Freelancing Again

After a few years of being out of the freelance hustle, I’ve decided to start looking for writing gigs.

I’m not looking to do it full time again; been there, done that, and I’m glad I have the experience. But I want something part-time because–honestly–I’d much rather hustling for part-time gigs I can do from my couch rather than… well, rather than drive to work during rush hour (traffic can be a bitch in Charlotte).

So I’ve been digging out my clips, which entails a fair bit of Googling “Sarah Stone” and “Publication.” And… I wrote more pieces than I remember writing. I really should’ve compiled a list with links as they were published. Or maybe I did but it was lost when I got a new computer. Either way, I’m going to rectify that with help from Excel and Mountain Dew.
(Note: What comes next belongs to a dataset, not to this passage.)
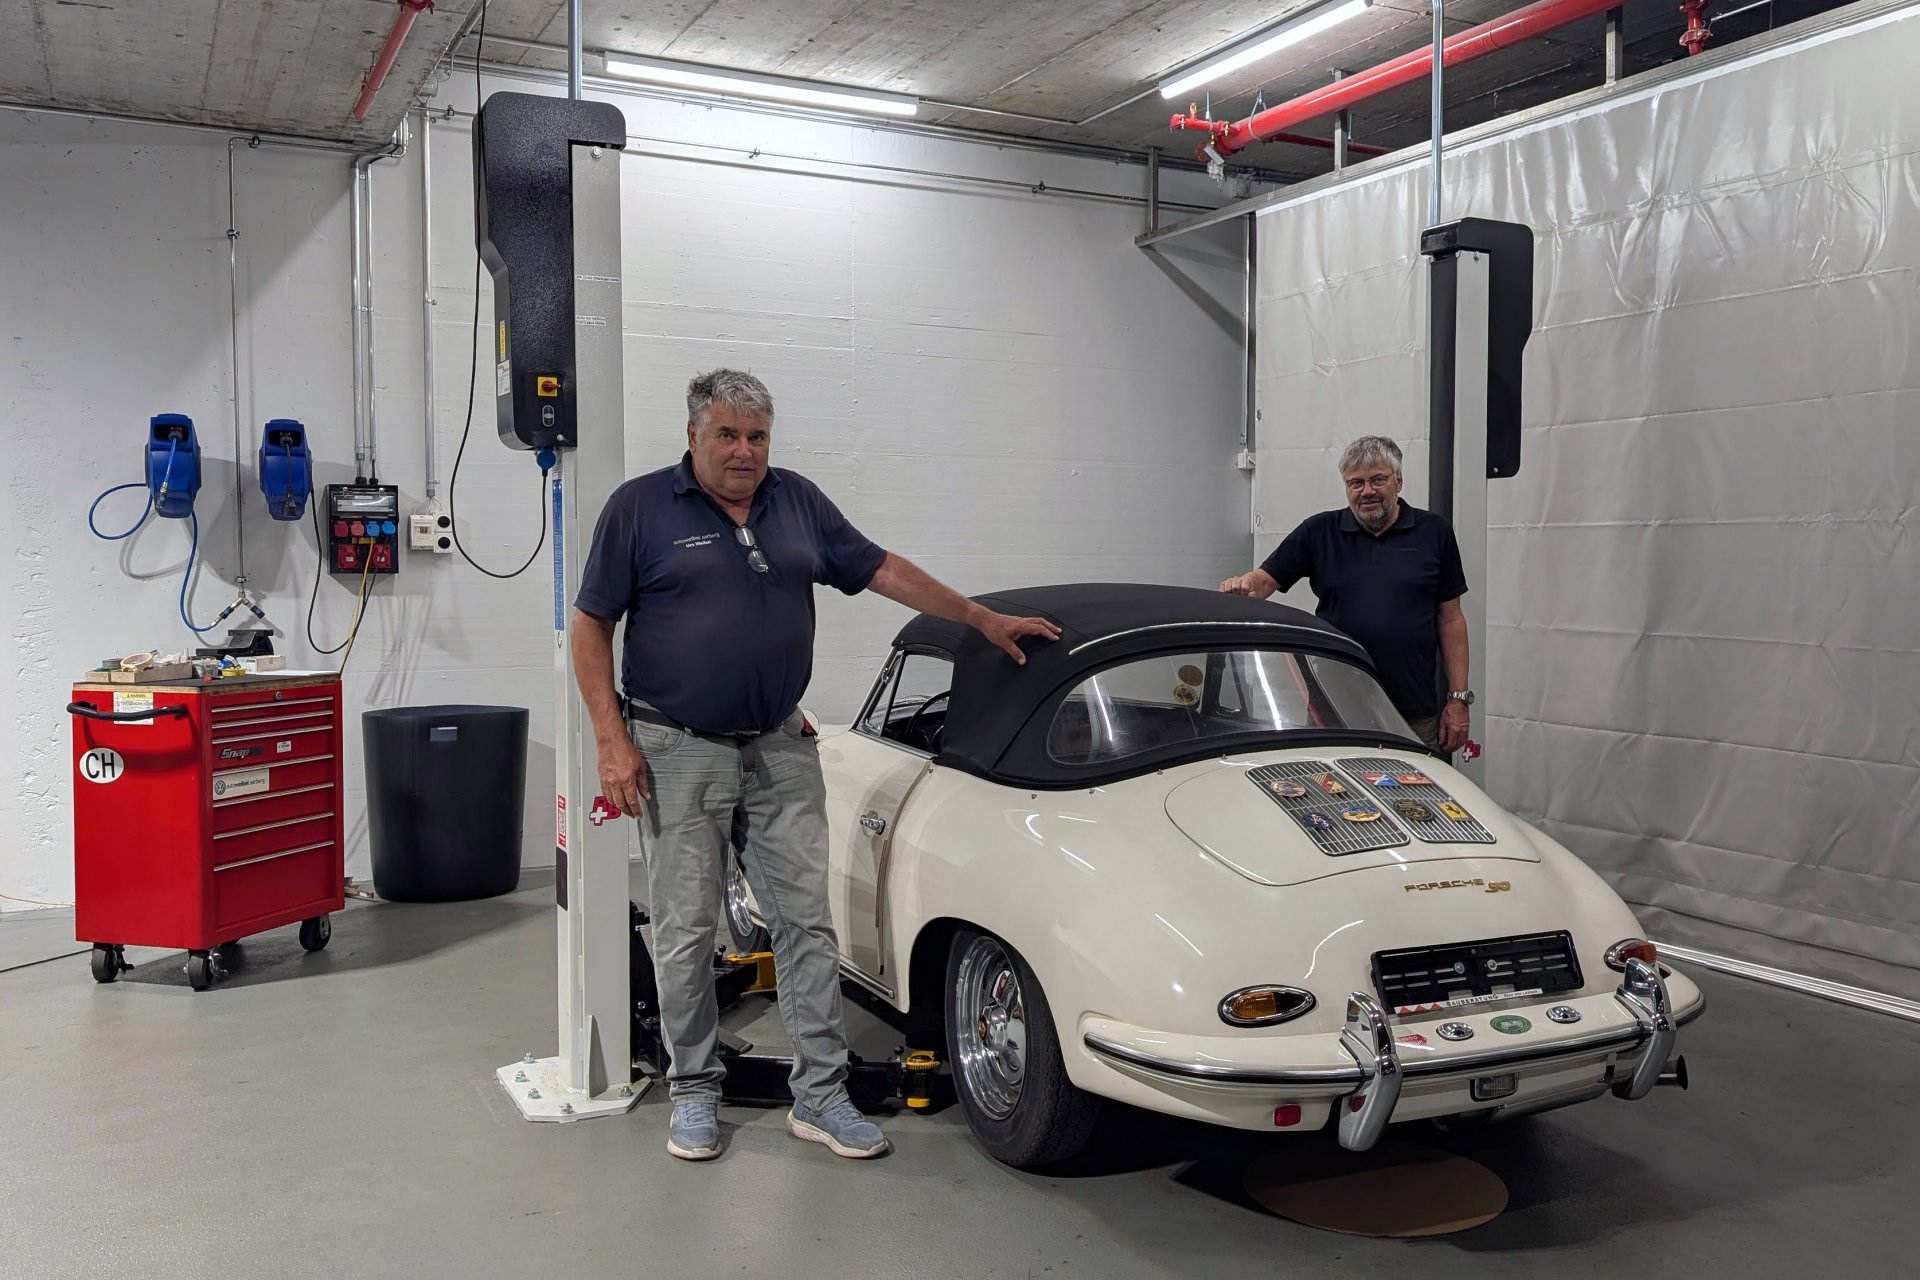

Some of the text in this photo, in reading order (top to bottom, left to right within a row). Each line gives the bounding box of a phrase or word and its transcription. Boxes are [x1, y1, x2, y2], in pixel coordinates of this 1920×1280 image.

[86, 752, 115, 778] CH
[1404, 879, 1511, 893] PORSCHE 90
[1446, 994, 1498, 1006] BAUBERATUNG
Finding freelance work isn’t the easiest thing in the world, and the biggest hurdle is going to be getting that first gig because my most recent clips are from 2016. (Though a couple pieces written back then were just published early last year.) Once I get the first one in the bag, I’ll feel better.

Like I’ve still got it. Which I do. I just need to show that after a couple of years away, I can still meet deadlines and write killer copy.

Have you ever freelanced? Do you have any go-to websites for finding gigs?

Organizing my clips

The pile of newspapers on my desk has grown steadily ever since I started working as a stringer. Whenever I write an article, I pick up a copy of that week’s newspaper for the print version of what I wrote. The stack reached six papers high as of Saturday last week when I finally decided to do something with them.

I knew that I wanted to cut out the articles and paste them into a scrapbook. But first, I needed to copy and scan them. The articles would make up my very first packet of clips to show editors, so I really needed to get that made in order to apply for more writing jobs.

For those of you who’re unfamiliar with clips, they are pretty much a resume for journalists. Clips are published pieces that you’ve written for newspapers or magazines. They show an editor how you write along with showing them that you’ve been published. Most calls for journalists or magazine writers that I’ve found want clips included with the cover letter.

So last Saturday, I sat down at my desk with a pair of scissors and got to work.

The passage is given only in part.